200 m/分の速度で印刷を行う場合、UV出力の安定性は単なる「便利な機能」ではなく、非常に重要な要素です。もしピーク照射強度が変動すると、インクが表面に残留し溶剤が閉じ込められたり、光開始剤の反応が低下したりします。ガリウムヨウ化物ランプは、現代のオフセット印刷、フレキソ印刷、スクリーン印刷に使用されるインクの光開始剤の吸収特性に合わせてスペクトル出力を調整しているため、幅広い範囲で一貫した硬化エネルギー密度を維持できます。
その鍵となるのが波長の制御です。ガリウムヨウ化物ランプは、主な発光波長を400~420nm付近に設定し、365nm付近にも強い発光があります。この波長帯は、タイプIIやアミン系の光開始剤と相性が良く、長波長のUV光下でも効率的に硬化できます。
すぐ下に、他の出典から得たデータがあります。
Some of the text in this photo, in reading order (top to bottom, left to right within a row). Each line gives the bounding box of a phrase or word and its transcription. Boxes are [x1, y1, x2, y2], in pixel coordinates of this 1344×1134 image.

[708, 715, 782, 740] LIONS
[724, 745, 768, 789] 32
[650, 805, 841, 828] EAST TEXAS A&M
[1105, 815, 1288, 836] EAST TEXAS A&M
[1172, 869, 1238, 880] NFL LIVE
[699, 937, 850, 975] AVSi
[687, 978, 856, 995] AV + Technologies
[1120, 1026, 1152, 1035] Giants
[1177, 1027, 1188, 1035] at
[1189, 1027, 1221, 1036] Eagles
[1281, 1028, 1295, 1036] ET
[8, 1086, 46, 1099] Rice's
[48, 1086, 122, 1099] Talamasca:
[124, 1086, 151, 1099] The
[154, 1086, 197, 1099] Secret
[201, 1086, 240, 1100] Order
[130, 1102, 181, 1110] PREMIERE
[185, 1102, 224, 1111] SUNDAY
また、短波長のエネルギーも十分にあるため、表面もしっかりと硬化します。これに二色反射板と厳密なアーク長の管理を組み合わせることで、ワックス上で高いピーク照射強度を得ることができ、結果として数マイクロ秒以内で架橋が完了します。
200 m/分の速度でも安定した出力を維持でき、また、ランプの温度も適切に管理されているため、出力の低下やスペクトルの変動を防ぐことができます。
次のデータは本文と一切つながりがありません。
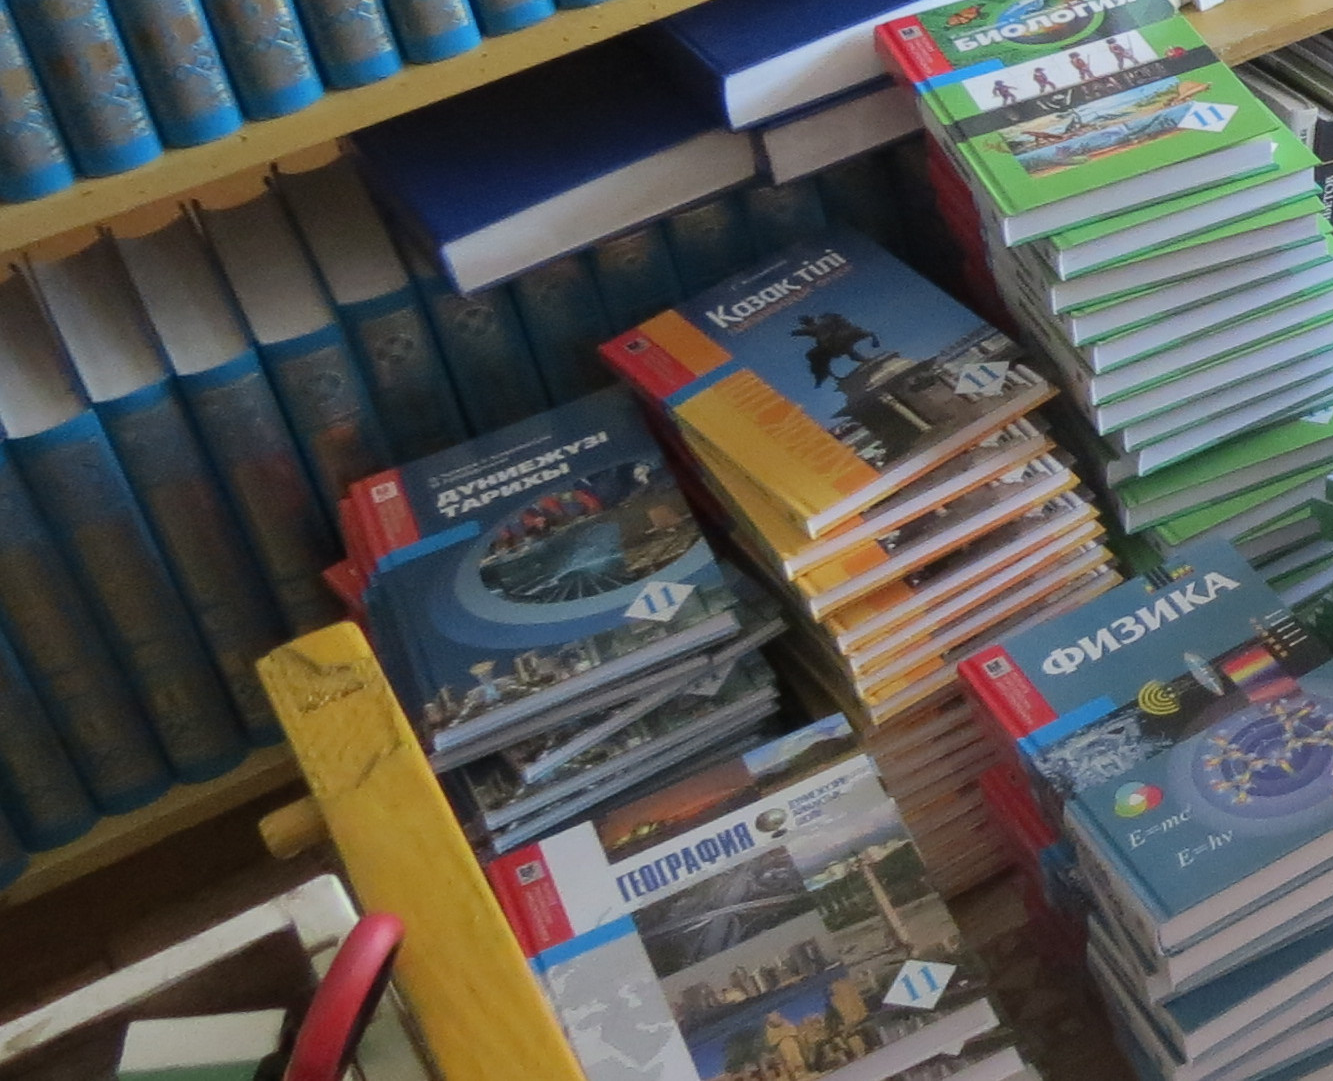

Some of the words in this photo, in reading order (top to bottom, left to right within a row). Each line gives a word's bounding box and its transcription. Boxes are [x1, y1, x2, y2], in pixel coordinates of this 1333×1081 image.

[1193, 103, 1228, 129] 11
[967, 363, 998, 392] 11
[439, 462, 571, 518] ТАРИХЫ
[643, 583, 676, 616] 11
[1040, 571, 1241, 677] ФИЗИКА
[615, 821, 755, 904] ГЕОГРАФИЯ
[901, 965, 942, 1003] 11
高速印刷においてこれが重要な理由は、印刷に要する時間が一定だからです。ガリウムヨウ化物ランプによって、単位面積あたりの照射量が一定に保たれるため、印刷品質が印刷速度に左右されません。オフセット印刷では、405nmの波長帯によって薄い基材上での熱負荷が軽減され、同時に重ね塗りやワニスもしっかりと硬化します。フレキソ印刷やスクリーン印刷では、365~405nmの波長帯によって色素層がしっかりと硬化し、表面が過剰に硬化することはありません。また、スペクトルが適切に調整されているため、赤外線や広帯域のエネルギーの無駄遣いが少なくなります。
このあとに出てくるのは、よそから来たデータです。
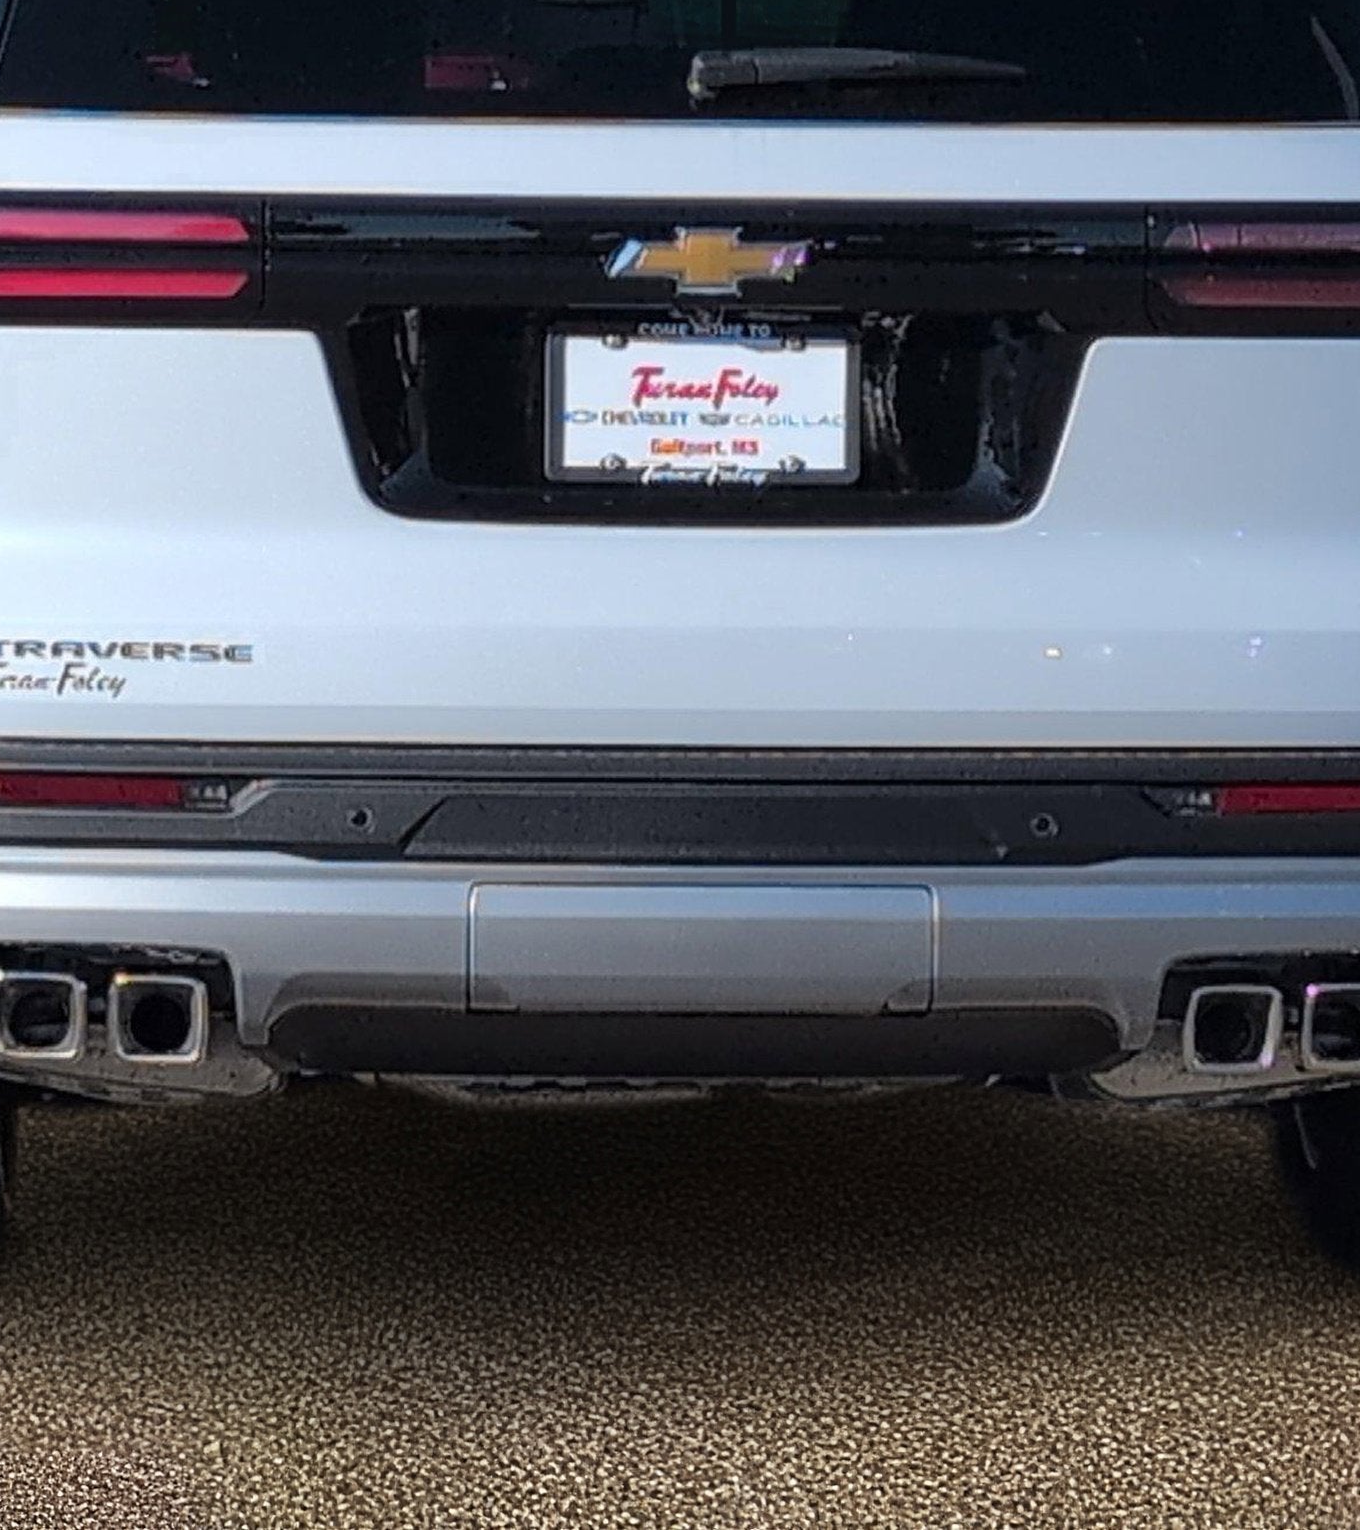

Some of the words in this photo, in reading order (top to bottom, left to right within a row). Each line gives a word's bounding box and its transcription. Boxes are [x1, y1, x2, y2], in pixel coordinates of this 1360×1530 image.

[632, 366, 712, 408] Turan
[712, 368, 779, 410] Foley
[601, 410, 690, 426] CHEVROLET
[734, 412, 844, 427] CADILLAC
[731, 439, 759, 455] MS
[56, 662, 127, 698] Foley
実用上のポイントとしては、ランプの選択はプリンターの構造によって決まります。インターステーションでの硬化が必要なオフセットプリンターでは、コンパクトなランプと正確な反射板の形状が求められます。一方、フレキソ印刷やスクリーン印刷では、より広範囲で均一なビームプロファイルが求められます。反射板のコーティング、シャッターの取り付け方法、電源の互換性も確認してください。
ガリウムヨウ化物ランプはアーク部分で高温になるため、冷却空気の流れを安定させる必要があります。そうでないと出力が変動してしまいます。オゾンフリーの石英を使用し、ランプのケースではなく、ワックス上でのスペクトラル放射計の数値を確認してください。